» **What the task requires**:
In the copy, include no images. Reproduce the entries exactly.
BEGIN Input material
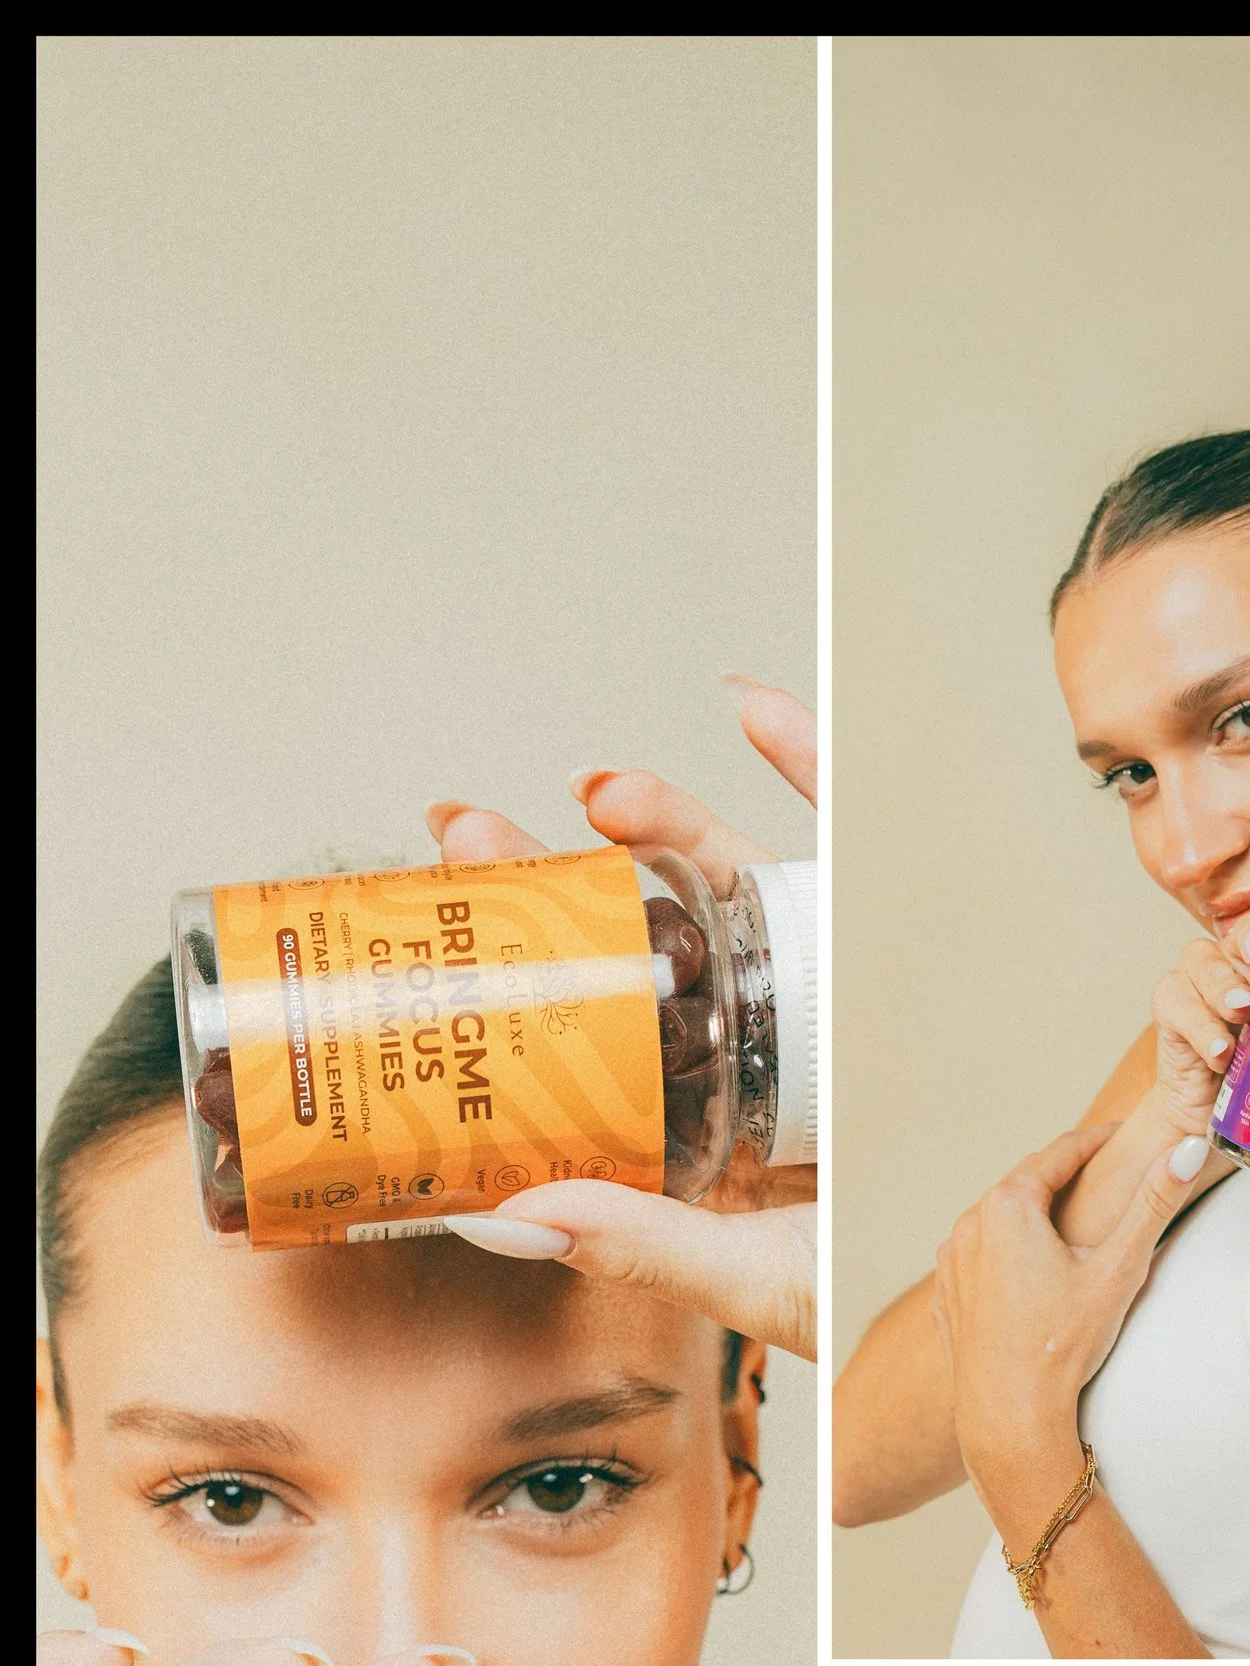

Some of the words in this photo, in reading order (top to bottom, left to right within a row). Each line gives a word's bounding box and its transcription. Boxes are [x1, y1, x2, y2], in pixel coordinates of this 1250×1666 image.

[282, 935, 294, 950] 90
[309, 912, 331, 984] DIETARY
[284, 952, 302, 1020] GUMMIES
[501, 944, 524, 1057] EcoLuxe
[339, 912, 352, 949] CHERRY
[352, 1032, 371, 1135] ASHWAGANDHA
[368, 938, 405, 1091] GUMMIES
[402, 940, 444, 1082] FOCUS
[437, 901, 492, 1123] BRINGME
[292, 1024, 305, 1054] PER
[295, 1058, 312, 1117] BOTTLE
[318, 997, 347, 1142] SUPPLEMENT
[377, 1175, 387, 1190] Dye
[391, 1177, 400, 1196] GMO
[475, 1169, 486, 1193] Vegan
[550, 1161, 560, 1182] Heal
[563, 1160, 572, 1180] Kidn
[292, 1193, 300, 1209] Free
[305, 1189, 314, 1209] Dairy
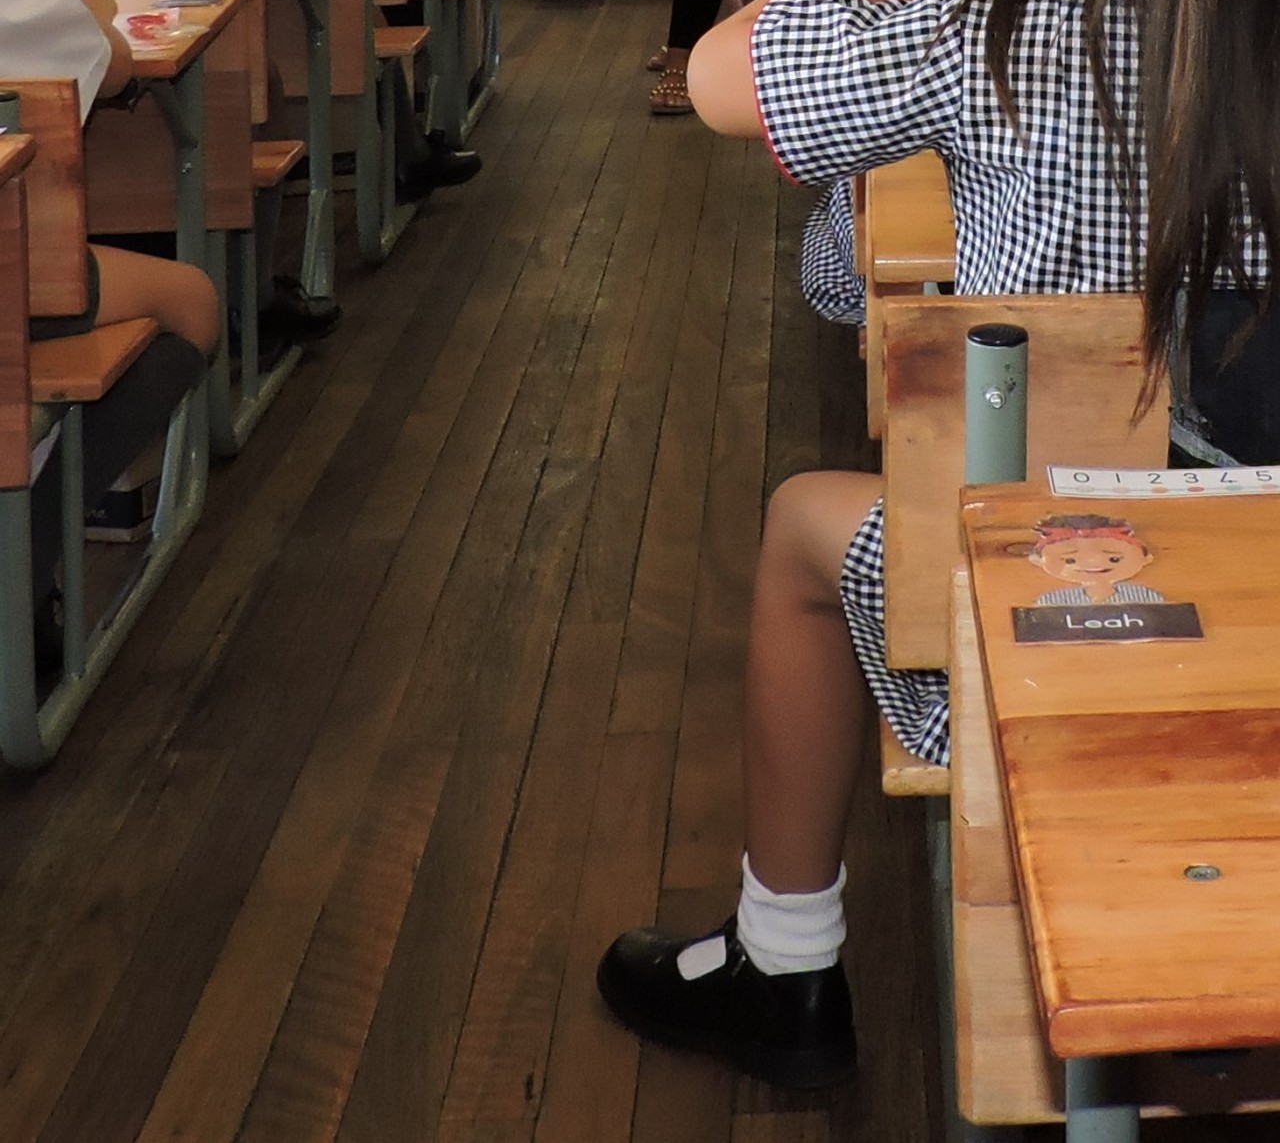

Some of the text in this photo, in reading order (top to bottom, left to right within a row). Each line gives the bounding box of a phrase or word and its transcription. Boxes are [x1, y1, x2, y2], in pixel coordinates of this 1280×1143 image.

[1073, 472, 1090, 483] 0
[1148, 473, 1162, 484] 2
[1184, 472, 1199, 484] 3
[1220, 471, 1237, 483] 4
[1256, 470, 1273, 482] 5
[1066, 614, 1144, 629] Leah
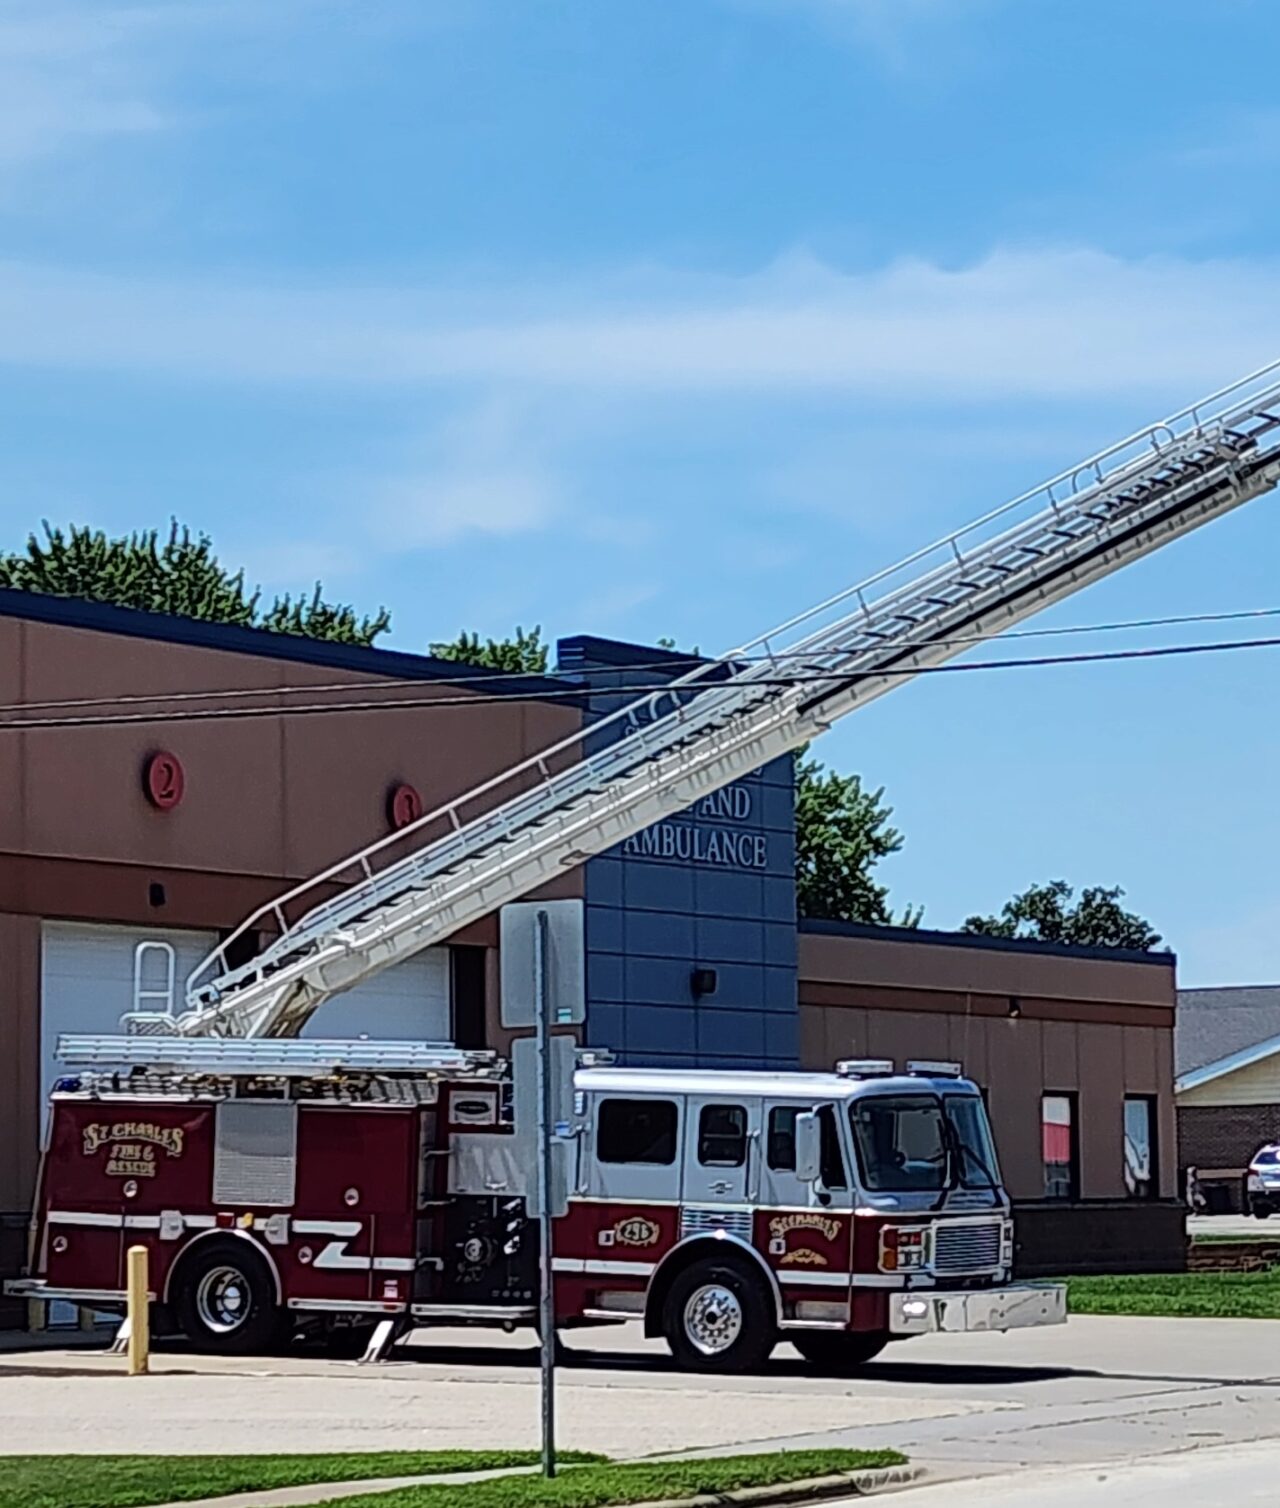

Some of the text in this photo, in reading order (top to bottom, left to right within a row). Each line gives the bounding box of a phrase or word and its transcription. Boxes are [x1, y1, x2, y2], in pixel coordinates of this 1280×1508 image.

[158, 762, 176, 799] 2
[701, 786, 751, 818] AND
[623, 824, 767, 867] AMBULANCE
[624, 1222, 650, 1241] 296
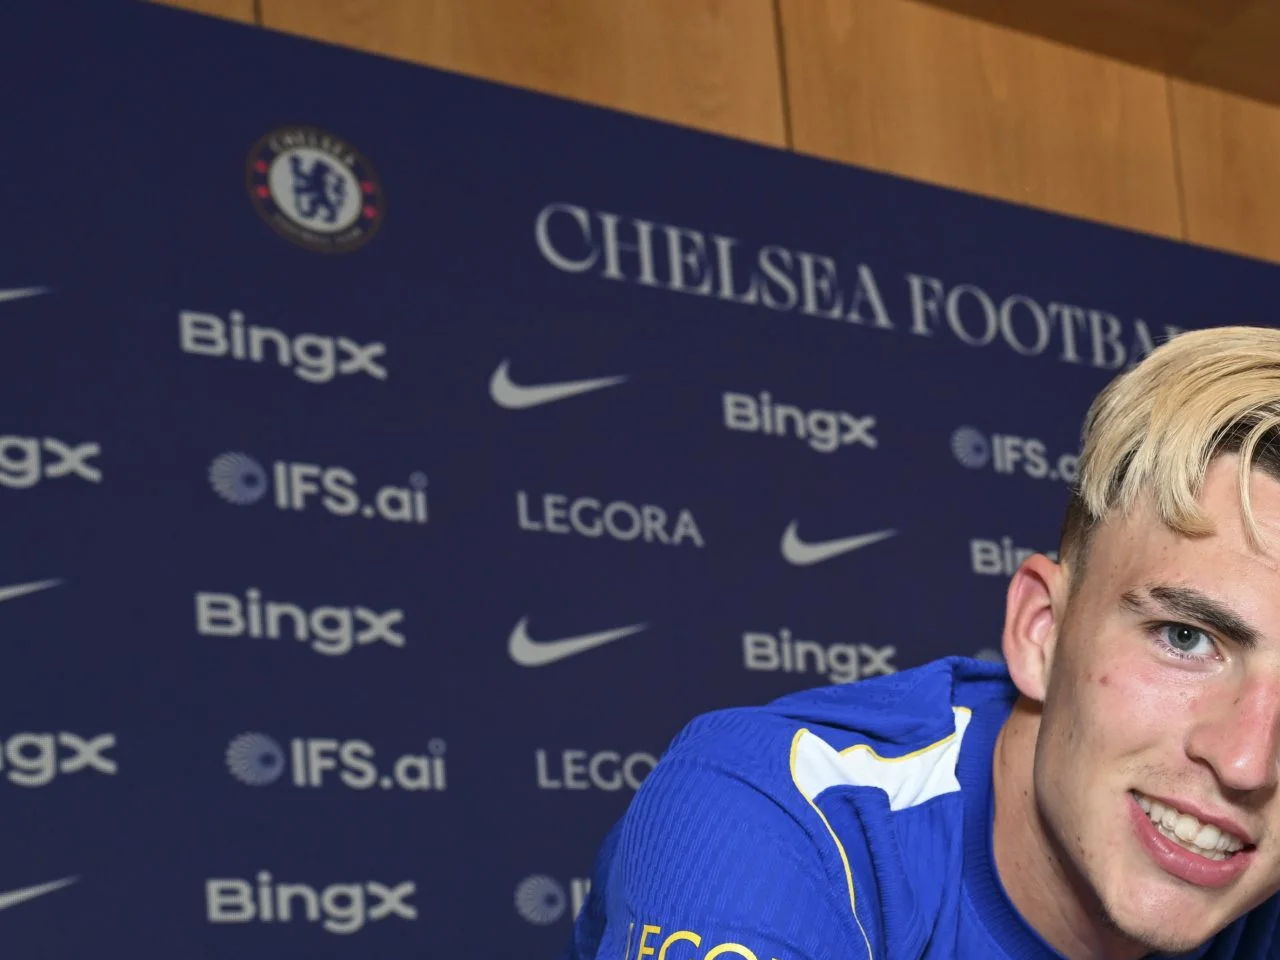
END Input material
» **Task solution**:
Some of the words in this photo, in reading order (top to bottom, left to right within a row). Each line gives a word's bounding box and its transcription. Boxes are [x1, y1, x2, y2], in pixel coordinates of this 1250×1666 image.

[282, 935, 294, 950] 90
[309, 912, 331, 984] DIETARY
[284, 952, 302, 1020] GUMMIES
[501, 944, 524, 1057] EcoLuxe
[339, 912, 352, 949] CHERRY
[352, 1032, 371, 1135] ASHWAGANDHA
[368, 938, 405, 1091] GUMMIES
[402, 940, 444, 1082] FOCUS
[437, 901, 492, 1123] BRINGME
[292, 1024, 305, 1054] PER
[295, 1058, 312, 1117] BOTTLE
[318, 997, 347, 1142] SUPPLEMENT
[377, 1175, 387, 1190] Dye
[391, 1177, 400, 1196] GMO
[475, 1169, 486, 1193] Vegan
[550, 1161, 560, 1182] Heal
[563, 1160, 572, 1180] Kidn
[292, 1193, 300, 1209] Free
[305, 1189, 314, 1209] Dairy

Some of the text in this photo, in reading order (top to bottom, left to right within a row). Each line gives the bounding box of a phrase or word and its transcription. Boxes are [x1, y1, x2, y2], in pixel coordinates of this 1280×1143 image.

[1073, 472, 1090, 483] 0
[1148, 473, 1162, 484] 2
[1184, 472, 1199, 484] 3
[1220, 471, 1237, 483] 4
[1256, 470, 1273, 482] 5
[1066, 614, 1144, 629] Leah

Some of the text in this photo, in reading order (top to bottom, left to right within a row). Each line gives the bounding box of a phrase or word and its transcription. Boxes are [x1, y1, x2, y2], in pixel coordinates of this 1280×1508 image.

[158, 762, 176, 799] 2
[701, 786, 751, 818] AND
[623, 824, 767, 867] AMBULANCE
[624, 1222, 650, 1241] 296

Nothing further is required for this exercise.